I was flipping through the most recent issue of High Fructose magazine and came across the beyond enchanting artwork of Hannah Yata and was instantly drawn to her intriguing human/animal hybrids which she expertly drenches in vibrant colors. Much of her work includes images of elegant female forms with animal heads (or “masks” as Yata calls them), such as tropical-looking fish—or in one masterful mashup a woman emerging from the water with the head of a hairless Sphynx cat with a set of curved horns. Themes concerning the animal kingdom and the natural world predominate in Yata’s work and with good reason. Raised in a small rural country town in Atlanta, Georgia, Yata was surrounded by the gorgeous environment that runs deep through the lush Kudzu-covered landscape of that state and her love of animals and mother earth became ingrained in her.
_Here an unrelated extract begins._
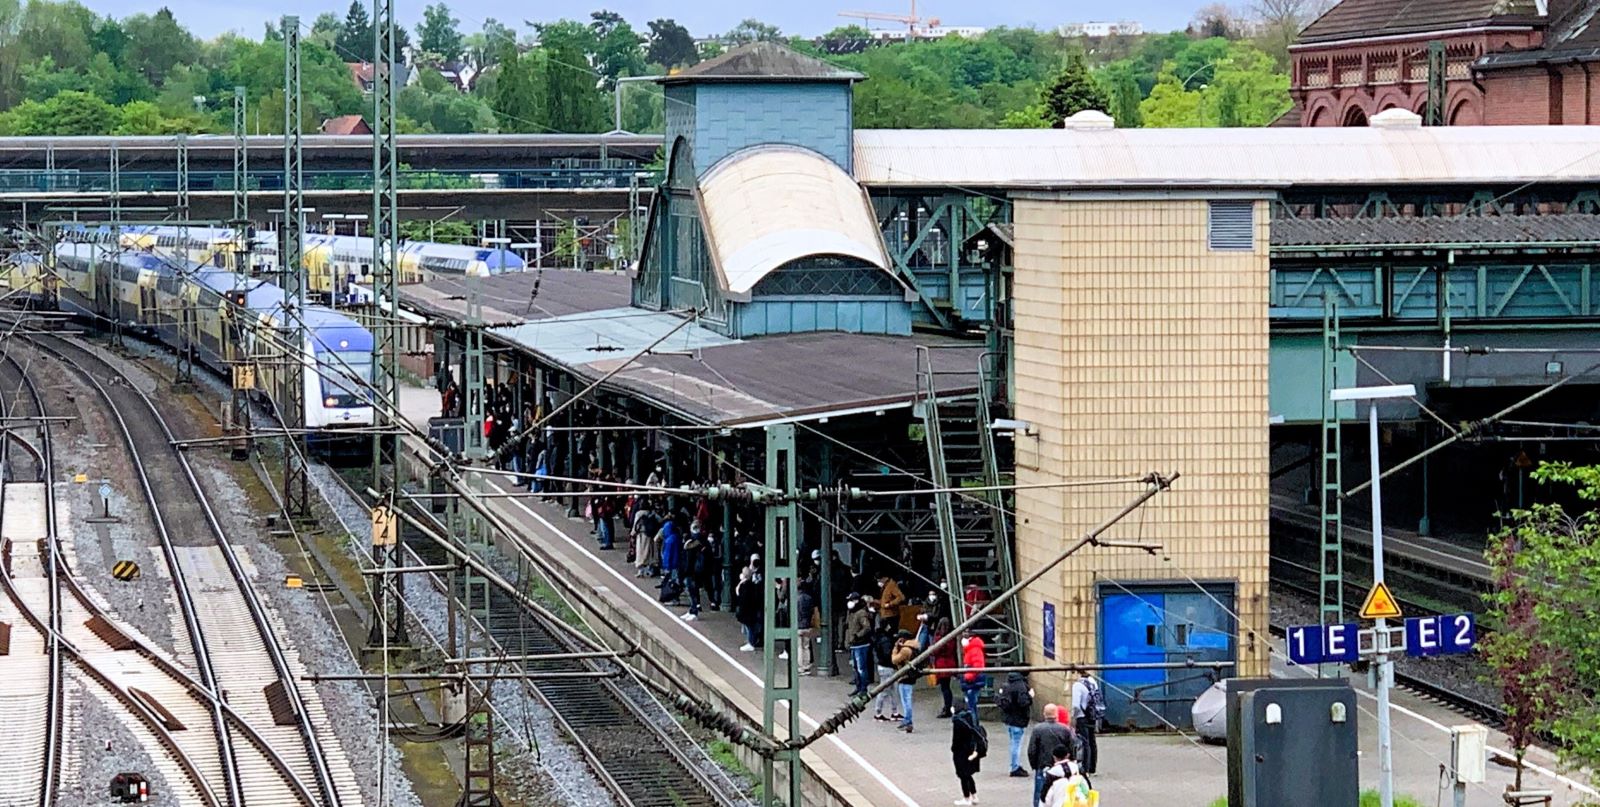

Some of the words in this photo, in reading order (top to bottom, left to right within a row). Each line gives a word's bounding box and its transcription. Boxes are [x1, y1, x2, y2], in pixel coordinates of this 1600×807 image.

When she enrolled in the University of Georgia, she studied several disciplines in addition to art including feminism and psychology. As I mentioned, Yata’s extensive use of the feminine form in her work speaks volumes about her core values, which the artist spoke about in depth in an interview with WOWxWOW back in 2014. As the topic of female objectification and rape culture is once again burning up our social media feeds, here’s Yata on the moment she realized she was a feminist and how she channeled the power of that revelation into her artwork:

“For me, it started in a class in college that studied the history of bodies in art, which basically focused on women. I was floored. I didn’t know I was a feminist before this class. The only things I’d heard about feminists was talk about some girls not shaving their armpits, hating on men, etc. I had never looked into it myself before. When the class began talking about how women are portrayed not only throughout the history of art but especially in the present day, I realized how much it had affected not only me but pretty much every female around me. Yes, I’ve had a lot of men argue that art and advertising does the same thing to men now, fetishizing and sexualizing them in very compromising ways, but the reality is that it isn’t as ridiculous and far-reaching as what women deal with, nor are the consequences as serious. You hear about women getting beaten up, raped, murdered and dismembered daily and I believe this problem is propagated by images and videos that see women as sexual objects and not human beings with agency.”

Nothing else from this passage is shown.